After enjoying the first so much, I was naturally desperate to get my hands on the second, and full of high hopes, which were fully and gloriously realised.
The Boy on the Bridge follows the crew of 'Rosie' - a tank-like vehicle on a mission to investigate the situation with the 'hungries' (that's zombies to you and I, but more on them later), and to try to find evidence of an antidote, or a place to survive them.
There are a few major complications, though. For starters, the crew are not one big happy family. MQueen, a military man with a sizeable ego, is hugely irritated by Greaves; a scientist who behaves irratically throughout. Dr Fournier, who is leading the mission, clearly has something to hide. And as for Rina Khan? Well, she's pregnant, and with zombies waiting to chow down on human flesh at any moment, that's not ideal.
When out on a rekkie, Greaves discovers some hungries that behave differently to the usual mindless zombie. They're kids, for one - and secondly, they act with intelligence and occasionally compassion. He suspects the answer to their problems lies with these children, and studies them closer, without the knowledge of the others.
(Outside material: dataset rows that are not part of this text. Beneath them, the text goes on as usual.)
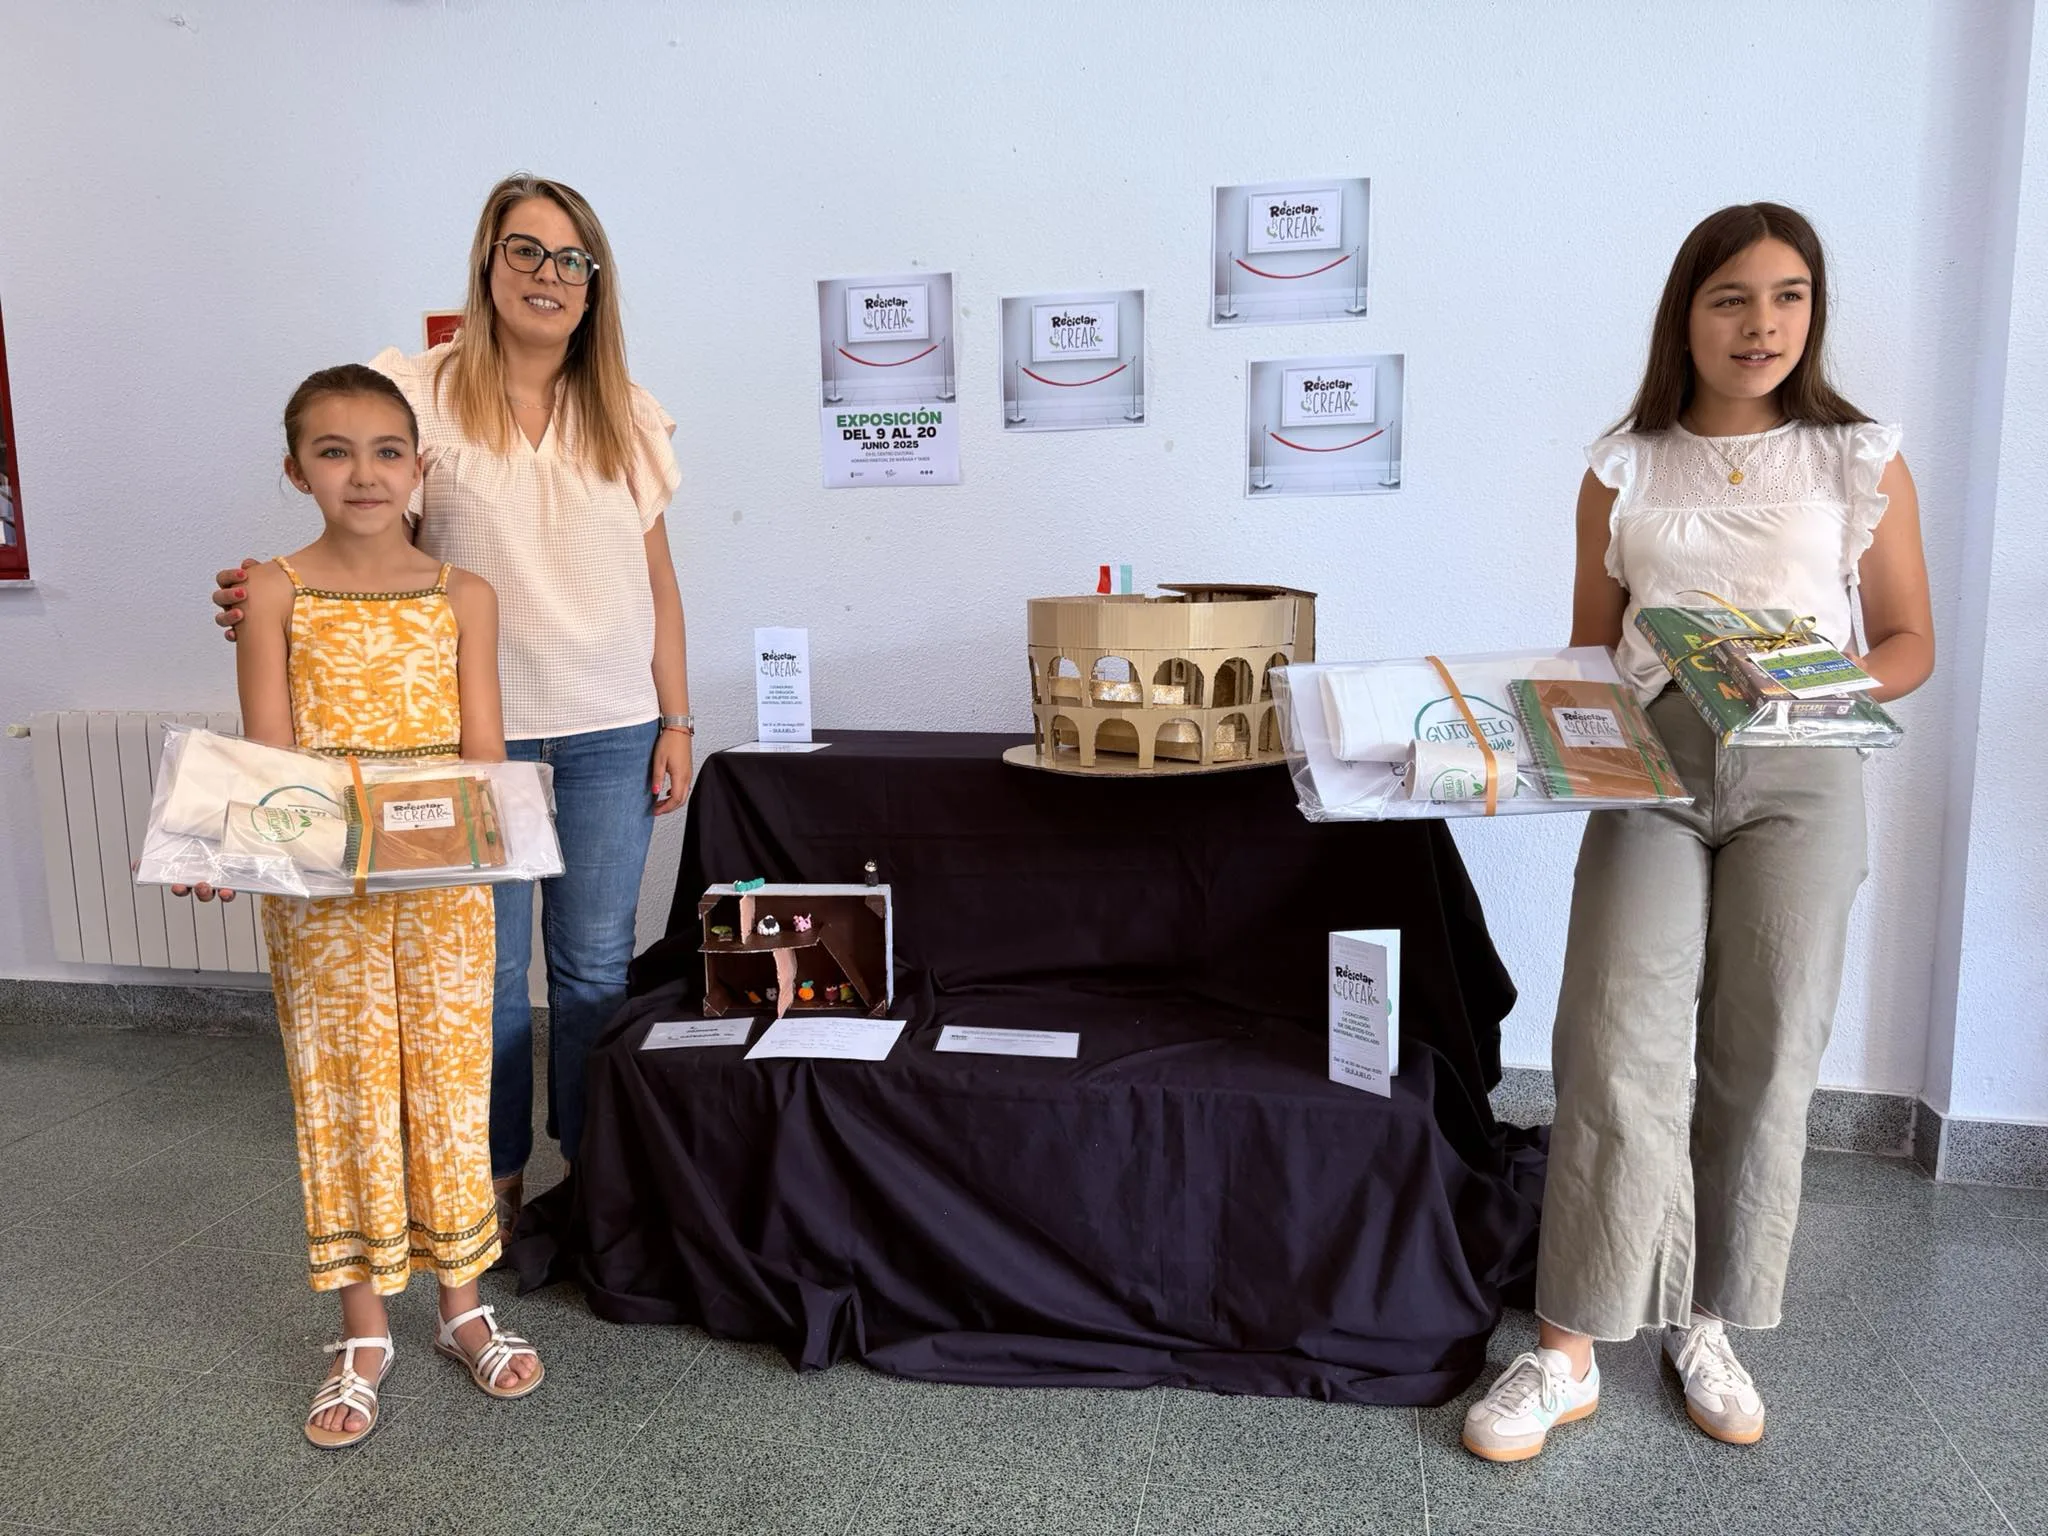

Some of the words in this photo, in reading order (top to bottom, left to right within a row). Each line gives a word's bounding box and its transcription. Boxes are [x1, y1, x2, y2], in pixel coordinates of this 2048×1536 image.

[1269, 204, 1319, 218] Reciclar
[1279, 215, 1317, 240] CREAR
[864, 297, 908, 310] Reciclar
[874, 308, 908, 330] CREAR
[1051, 315, 1097, 328] Reciclar
[1060, 327, 1096, 349] CREAR
[1303, 379, 1353, 392] Reciclar
[1313, 390, 1351, 414] CREAR
[836, 406, 942, 428] EXPOSICIÓN
[843, 428, 871, 440] DEL
[876, 428, 886, 440] 9
[891, 427, 912, 439] AL
[917, 426, 937, 438] 20
[861, 441, 890, 450] JUNIO
[893, 440, 919, 449] 2025
[762, 653, 797, 661] Reciclar
[769, 661, 797, 677] CREAR
[1562, 712, 1608, 721] Reciclar
[1575, 720, 1610, 735] CREAR
[393, 803, 444, 811] Reciclar
[404, 808, 444, 821] CREAR
[1335, 966, 1374, 985] Reciclar
[1343, 980, 1374, 1006] CREAR
Without spoiling too much of the rest of the book, what follows is carnage and chaos, with more than a small dose of tragedy. However, whilst it seems to end on a bleak note, the final page holds a message of hope, which throws the future of humankind into a different light.
Right - let's start with what's great about this book (which was pretty much everything). The truly outstanding thing is the author's ability to weave a convincing, gripping story. I was turning pages like nobody's business, and couldn't put it down. His use of science also added authenticity to the tale - and at no point was I struggling to suspend my disbelief. When writing about zombies, that's a hard thing to pull off. Likewise, I was immersed in all the characters (though there were a few that felt a bit ineffectual), and cared about their fate.
As for negatives? Can't think of many. There were a couple of characters that I'd have liked to see fleshed out a little more, but other than that, I can't complain.
If you're looking for a real page-turner, with a mature, thought-provoking exploration of the end of the world, you can't go wrong with this.